Image credit: unsplash.com

Author: Di Qing

The background,

With the large-scale expansion of servitization, service stability has been paid more and more attention. Cloud music began to build stability capacity in 2018, and finally became a universal capacity. Cloud music has probably experienced the following main stages, from the stage of streaked without stability guarantee ability in 2018 to the establishment of stability capacity. From the platform integration construction to improve the ease of use and efficiency, to the platform construction of plan management recently, every evolution can contribute to the overall stability of cloud music. Today, we mainly introduce some practices of the platform construction of plan.

1. What is the plan?

Baidu Encyclopedia explains it to me like this: pre-plan refers to the emergency response plan formulated in advance according to the category and impact degree of potential or possible emergencies based on evaluation and analysis or experience.

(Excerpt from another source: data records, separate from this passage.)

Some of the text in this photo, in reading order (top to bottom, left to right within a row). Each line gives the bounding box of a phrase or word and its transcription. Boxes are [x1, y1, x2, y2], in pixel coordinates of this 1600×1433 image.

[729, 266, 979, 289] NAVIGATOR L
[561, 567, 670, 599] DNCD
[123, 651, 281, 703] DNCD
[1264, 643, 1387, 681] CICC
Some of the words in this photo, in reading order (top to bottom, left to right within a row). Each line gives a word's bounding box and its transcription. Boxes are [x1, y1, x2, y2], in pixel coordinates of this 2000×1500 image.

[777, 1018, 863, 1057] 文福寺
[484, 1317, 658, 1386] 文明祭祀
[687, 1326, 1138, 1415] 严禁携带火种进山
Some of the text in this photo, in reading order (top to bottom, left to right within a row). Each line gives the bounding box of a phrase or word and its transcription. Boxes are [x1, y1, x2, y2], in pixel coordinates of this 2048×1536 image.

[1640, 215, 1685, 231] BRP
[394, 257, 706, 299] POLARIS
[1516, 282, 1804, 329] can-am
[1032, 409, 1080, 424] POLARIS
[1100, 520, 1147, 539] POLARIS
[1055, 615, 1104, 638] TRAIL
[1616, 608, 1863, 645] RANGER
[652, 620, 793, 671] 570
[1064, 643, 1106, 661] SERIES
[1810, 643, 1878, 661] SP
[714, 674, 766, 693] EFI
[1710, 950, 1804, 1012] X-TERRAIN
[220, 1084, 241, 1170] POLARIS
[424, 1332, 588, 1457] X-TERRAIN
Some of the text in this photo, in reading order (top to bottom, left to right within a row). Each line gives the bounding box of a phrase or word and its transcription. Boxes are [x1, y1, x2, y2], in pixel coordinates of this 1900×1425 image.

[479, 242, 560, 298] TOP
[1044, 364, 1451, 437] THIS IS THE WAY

From a major national event to a very small one, there are plans involved:

  • For example, we often see some scenes in movies, PlanA, PlanB, PlanC… In fact, this is our plan. The implementation of PlanA, PlanB or PlanC depends on different scenarios.
  • Take this time will be coronavirus outbreak, in fact, the government already has its own series of plans to deal with different levels of emergency (emergency management department of the People’s Republic of China is mainly responsible for overall plan and organize the formulation of national emergency planning, guide regional departments deal with emergencies, emergency plan system construction and plan practice);
  • Cloud music often do large activities, do a lot of pressure testing and drills before the activities, during which the plan will be sorted out in the case of some events, such as a service can not carry, need to do some downgrading, if still can not carry need to continue to do downgrading or limiting flow, etc.;
2. Current situation of cloud music plan

In the process of ensuring large-scale cloud music activities, routine drills and pressure tests will be conducted for capacity assessment and mapping, and possible risks will be assessed and preventive preparations made. In fact, these preparations are plans, such as Plan A and Plan B. Before that these plans are maintained on the wiki (for example, the business side typhoon project Plan), or on our own notepad, when A specific scenario happened we will go to execute the Plan A or Plan B, all this is scattered and not unified, ling collaboration when it comes to A large number of personnel cost very high preparedness enforceability will be poor; Another point is the lack of rehearsal, can not achieve the effectiveness of the plan;

3. What does the plan look like?

What exactly is the plan and what capabilities does it provide? Plan generally have some common ability, let’s go to the search engines search plan can get all kinds of answers, but can be summarized as the following several parts, such as the purpose of this plan, the applicable scope, plan, plan, the trigger condition, a situation () after the plan execution, post processing (such as how to restore) some of the items,

  • Purpose and scope of application of the plan: The plan is mainly used to complete what kind of matters, which scenarios can be used, such as pressure testing scenarios, what level of activities are guaranteed, etc.
  • Trigger conditions: open what is the condition of the plan, normally we will according to the state of our system needs to be enabled to see which plan, such as by monitoring, alarm and so on to tell us the current system of the state, if the plan execution conditions, such as when and how the server timeout threshold, will open the current limit or active relegation plans;
  • How to recover: In general, the plan is set up for a certain emergency scene, so after the completion of the plan, some follow-up work needs to be done to restore the plan to the normal state;
  • Achievement status: After the implementation of the plan, it is necessary to fill in some achievement status in time to verify whether the plan meets expectations. If not, it is necessary to record events that do not meet expectations to provide data support for subsequent optimization and review of the plan;
  • Plan level: In general, we will set some levels for the plan. When we see this level, we will know the importance of the current plan and whether it will damage the information, so that it is easier to do some upper-level sorting. The following is the hierarchical description of cloud music plan:
    • L0 plan: pre-planned plan, which has minimal impact on business and no perception to users (no perception of operation experience);
    • L1 plan: damage to services (affecting business data, etc.) has been reported to the service line during plan preparation.
    • L2 plan: Generally, the impact is relatively large, so it can only be implemented after on-site decision;

In the current plan platform, the purpose of the plan, the scope of application, the implementation conditions, how to recover, and the realization of the plan are relatively simple. They are all filled in the description of the plan, but not expanded.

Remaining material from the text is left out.